Monday, November 9, 2009

Some Assembly Required

Staff from Seussonoras Labs deliver The RoboFuturist!
to an undisclosed location in Utter Despair, N.J.
It is disguised in an at-home medical operation device box
due to statutes in New Jersey that outlaw
tropical birds, handguns and androids crossing State lines.

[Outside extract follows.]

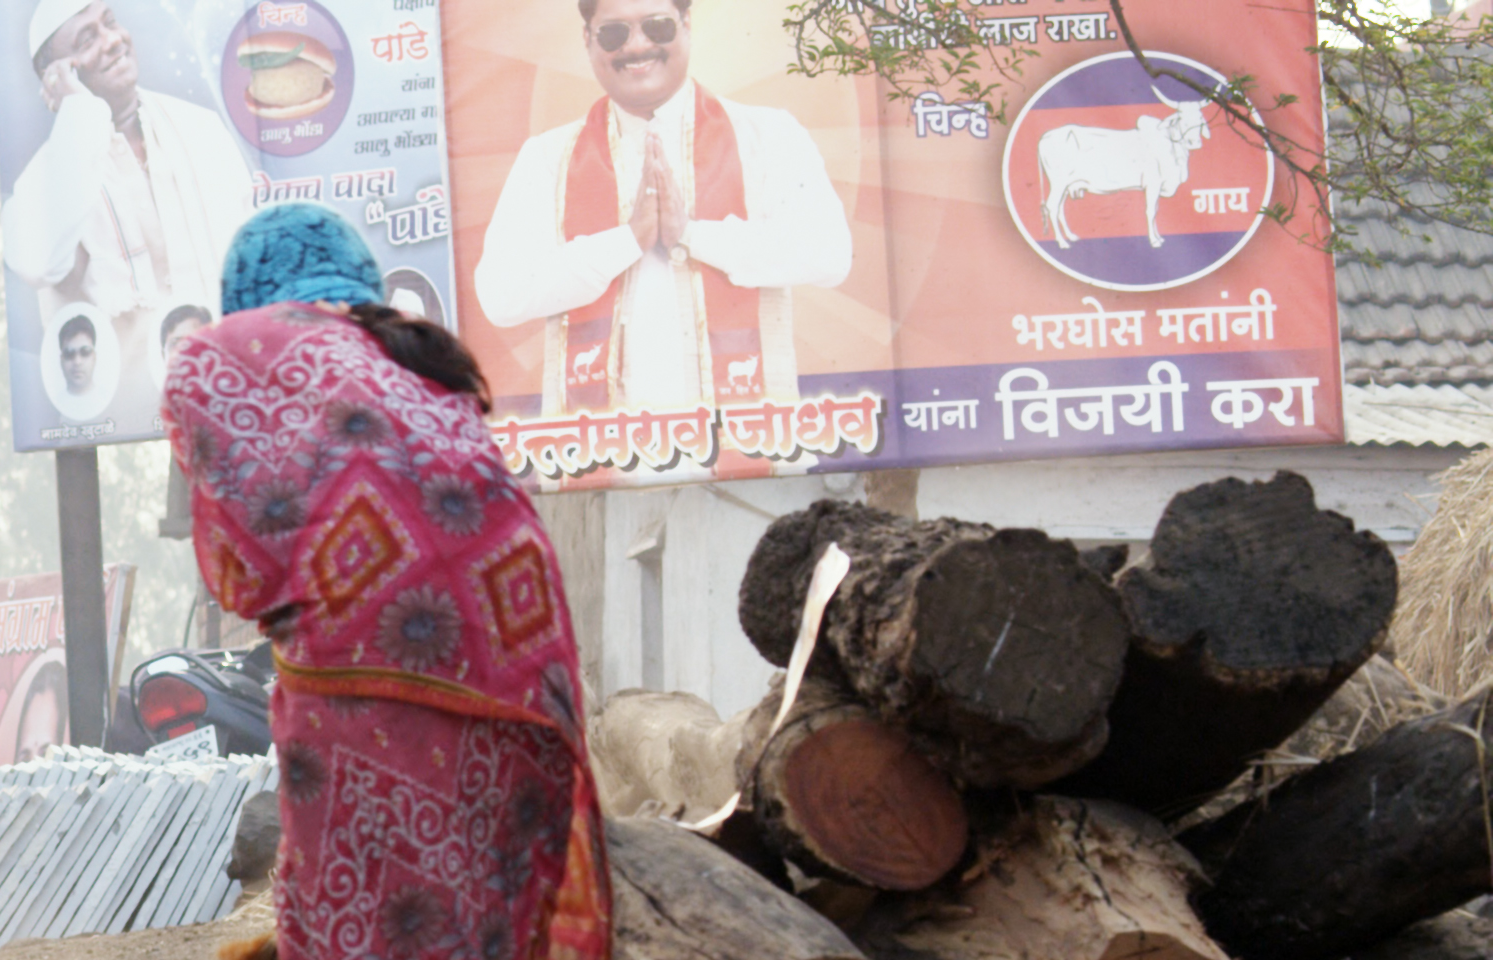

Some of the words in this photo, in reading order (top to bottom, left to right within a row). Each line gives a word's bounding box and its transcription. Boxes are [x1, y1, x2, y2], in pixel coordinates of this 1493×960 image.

THE FUTURIST! is taking some time off starting Wednesday. He was going to leave the blog in the capable hands of haiku, but he is in Brooklyn doing something involving furniture and NYU paperwork. He then thought of Fleming Clamdish, but he is getting over a very bad breakup with a woman, her sister and a dachshund. There was The Amazing Frollo to consider, but he is so lazy he would just never post ... anyway, he is recovering from water in his lungs after falling asleep while hanging upside down from a chain in an airtight water tank. THE FUTURIST! then thought of Dr. Seussonoras, but the good Doctor had a better idea. He suggested that he send along a new version of The RoboFuturist!. The last version (2.13 and 1/2) had some kinks to workout. THE FUTURIST! had programmed The RoboFuturist! to empty the dishwasher and it ended very badly. The RoboFuturist! seemed totally capable and he was removing the luncheon plates in an orderly fashion. Some time later, THE FUTURIST! heard a terrible metallic noise and the sound of something rattling back and forth. It seemed The RoboFuturist! was having some kind of automaton carnal encounter with the Kenmore Dish Washing Machine. The soap dispenser was overflowing and the cutlery basket was totally destroyed as was haiku's favorite Janus Films 50th Anniversary coffee mug. This resulted in having to buy a new dish washer and total embarrassment since THE FUTURIST! had over his Chekhov short story reading club that fateful afternoon. After seeing The RoboFuturist! nuts and lower torso synthetic bolts in a very inappropriate place in proximity of the utensils and such, the Club members refused to use the spoons and cups provided for their tea, which had just been rinsed clean and dried in the washer. It was a very awkward afternoon in Utter Despair, N.J.

The RoboFuturist! was turned off and boxed by THE FUTURIST! and haiku and returned to Dr. Seussonoras. It hasn't been seen since, but the Doctor says it has been reprogrammed and is ready to handle minor chores while THE FUTURIST! is away, including a new writing program for blog posts. THE FUTURIST! provided Dr. Seussonoras with the needed passwords and instructions and feels confident all should be A-OK, while he travels for a few days.

The RoboFuturist! should continue with the usual Wednesday trailer and Saturday Music features, as well as other incidental entries. Please enjoy his contributions and feel free to comment.


Dara said...

Look forward to some robust robotic posting.

Eliminator_of_Bullshit said...

I hope you return soon. Machines have never quite gotten the soul right.

Although if anyone could imbue a metal automaton with a soul, it'd be Dr. Seussonoras.